WORLDTEMPUS - 30 août 2010
Pierre Maillard "Au delà des mots"
Chronique
Ce n'est pas très politiquement correct, j'en suis bien conscient, que de confesser dans un site entièrement voué aux montres, à leur industrie et à leur communication, son pur bonheur d'avoir passé deux mois entiers sans porter de montre! C'est d'autant plus incorrect que les horlogers, contaminés au propre comme au figuré par les us et coutumes saisonnières du monde de la mode, s'ingénient à créer des collections d'été (parfois, il est vrai, uniquement en colorant leurs collections courantes), à vanter à grands renforts de publicités leurs chronos de plongée pour cocktails estivaux en bord de mer, à dénuder et à ensabler leurs ambassadrices, bref à trouver sous le soleil exactement de nouveaux "relais de croissance".

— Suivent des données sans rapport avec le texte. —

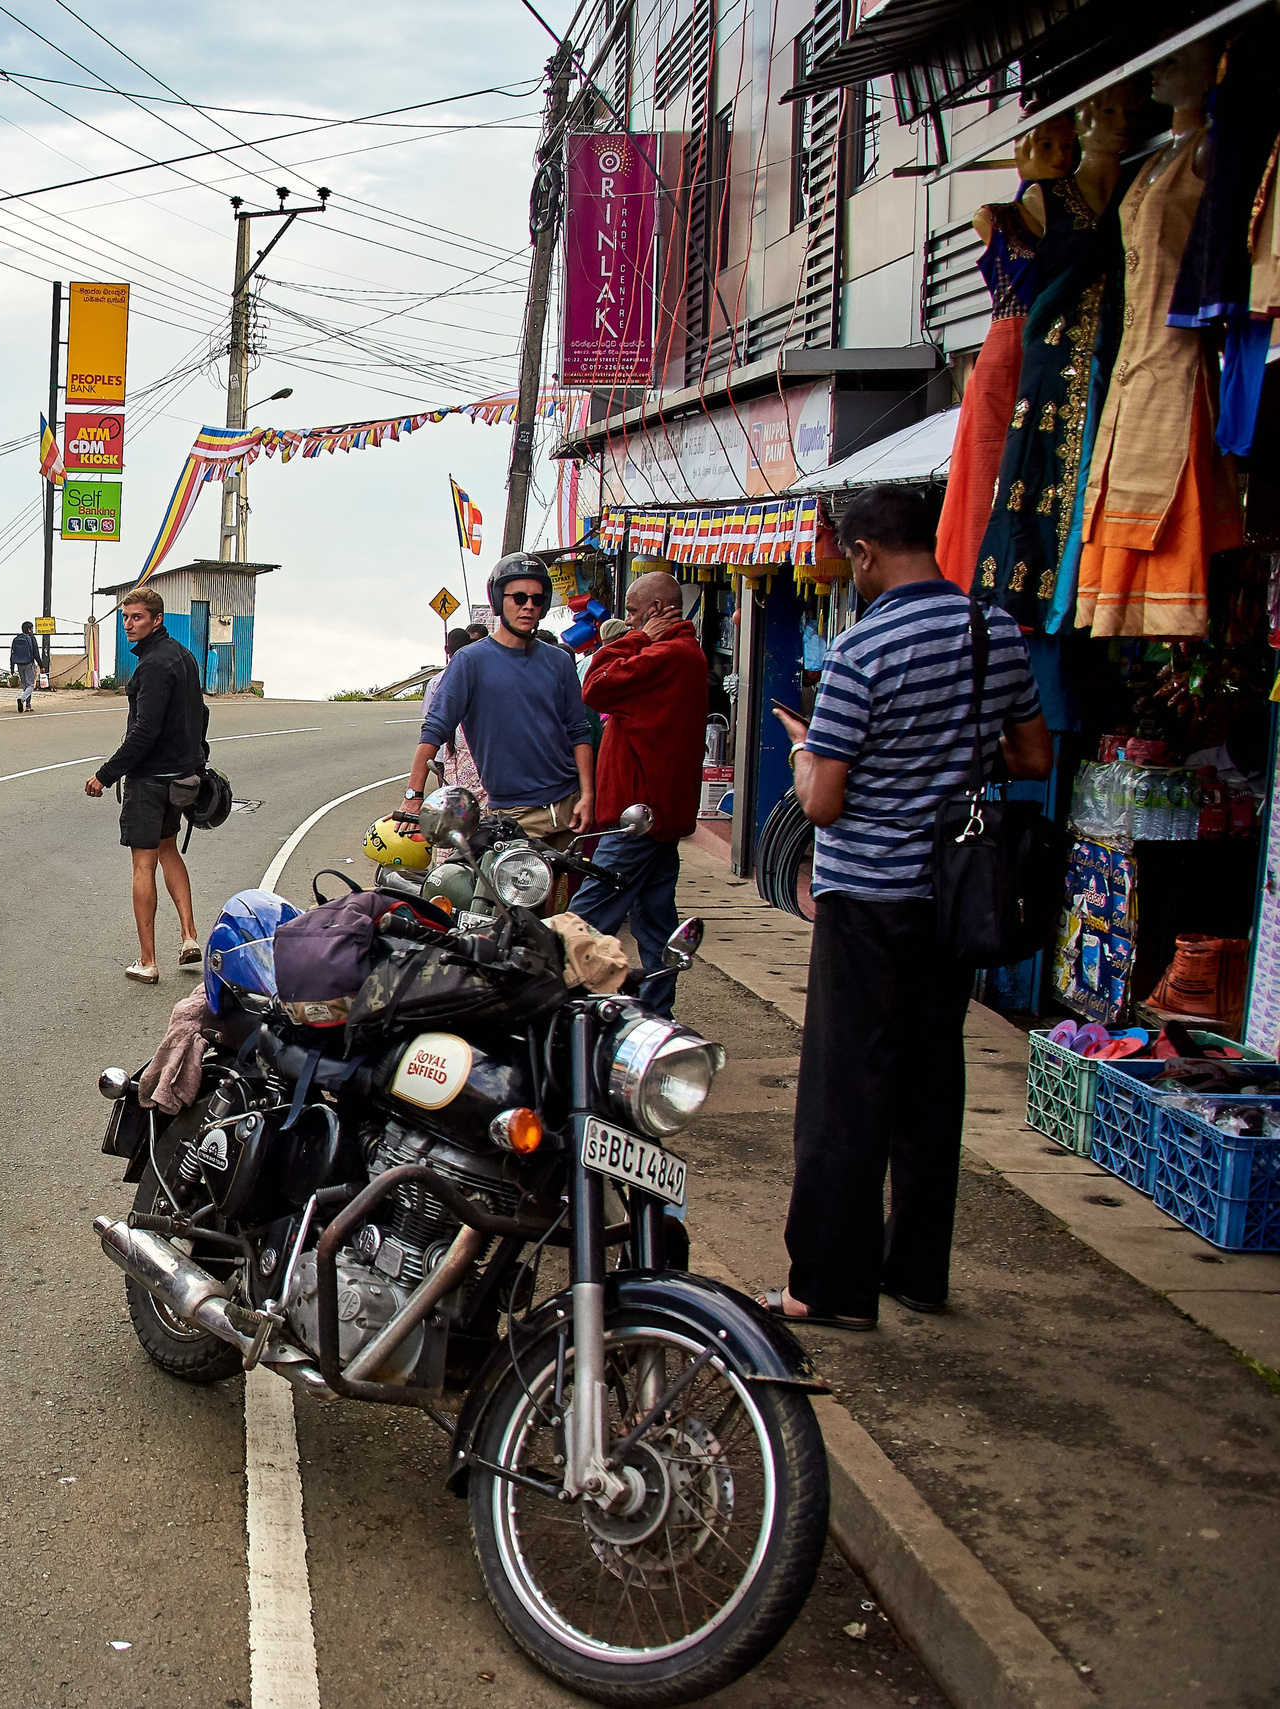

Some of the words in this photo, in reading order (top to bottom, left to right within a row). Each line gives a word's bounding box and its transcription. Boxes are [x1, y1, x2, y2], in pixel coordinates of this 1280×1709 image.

Mais que voulez-vous, c'est ainsi, je l'avoue platement: ne plus porter de montre (d'autant plus qu'elles sont de plus en plus lourdes et mastoc) durant huit longues semaines fut un délice rare. Ne plus lire - ou deviner – l'heure qu'il est que dans la course du soleil sur l'horizon, observer jour après jour les phases de la lune nacrée dans le seul vaste ciel et non plus dans un petit guichet ouvragé, s'abîmer dans les étoiles comme si on y tombait, ne même plus chercher à savoir sur quel jour de la semaine l'aube se lève, mélanger sans mesure le sable des heures, des minutes et des secondes, n'est-ce pas là un privilège extraordinaire? Un vrai luxe!
Car le vrai luxe, en nos temps obsédés par la vitesse, le rendement, l'efficacité, dans notre civilisation exigeant pour fonctionner la plus précise coordination planétaire, soumise à la dictature du temps instantané de la grande finance mondialisée, n'est-il pas d'oublier le temps qui nous est imposé, de se déconnecter et de jeter les horloges aux orties?
Ne plus penser à l'heure qu'il est mais ressentir le temps qu'il fait; ne plus compter le temps qui passe mais tout simplement le sentir passer; ne plus croire que demain sera mieux qu'aujourd'hui mais savoir qu'aujourd'hui est comme était hier et comme sera demain; oublier toute idée de "progrès" ou de but en se souvenant qu'il n'y a pas de but au bout du chemin mais que le chemin est le but, comme le savent encore quelques bouddhistes égarés dans les sentiers…
La maîtrise du temps fut une longue conquête de liberté; peut-être qu'à présent est-elle devenue un esclavage dont il convient de se défaire…
Je me faisais ces réflexions en remontant de la campagne perdue où j'avais passé tout ce temps hors de la dictature de la mesure du temps. Pour atténuer le choc de mon retour dans le flux contrôlé et mesuré qui nous gouverne, je suis passé par un sas et ai pris une chambre, à Bologne. Je suis tombé sur l'Hotel Orologio (qui, la naissance de l'horloge ayant accompagné l'essor du commerce et lui étant consubstantielle, est tout naturellement une annexe du plus vaste Hotel Commercianti). L'impérieuse nécessité de la mesure du temps m'y a été immédiatement rappelée avec force: partout, dans le lobby et dans les couloirs, dans les ascenseurs et dans les salles à manger, des horloges de toutes les époques, des horloges jusque sur la vitre de la douche où était sablée l'image d'un cadran et de deux aiguilles…(qui, curieusement, ne marquaient pas le traditionnel 10h10 mais, dieu sait pourquoi, 11h13).
Rappelé ainsi à l'ordre, j'ai remis ma montre à mon poignet et l'ai réglée à l'heure indiquée par la grande horloge du beffroi de la Piazza Maggiore.
Un peu accablé, j'étais de retour dans le temps imposé.
Mais, me suis-je dit, après tout, avais-je été si infidèle que ça à mes "sponsors" horlogers? Car oublier pour un temps ces petites mécaniques géniales qui tournent à nos poignets pour enfin redevenir soi-même un minuscule rouage perdu dans la très grande et très compliquée mécanique céleste, n'était-ce pas là le comble rêvé de l'horlogerie? Son horizon ultime?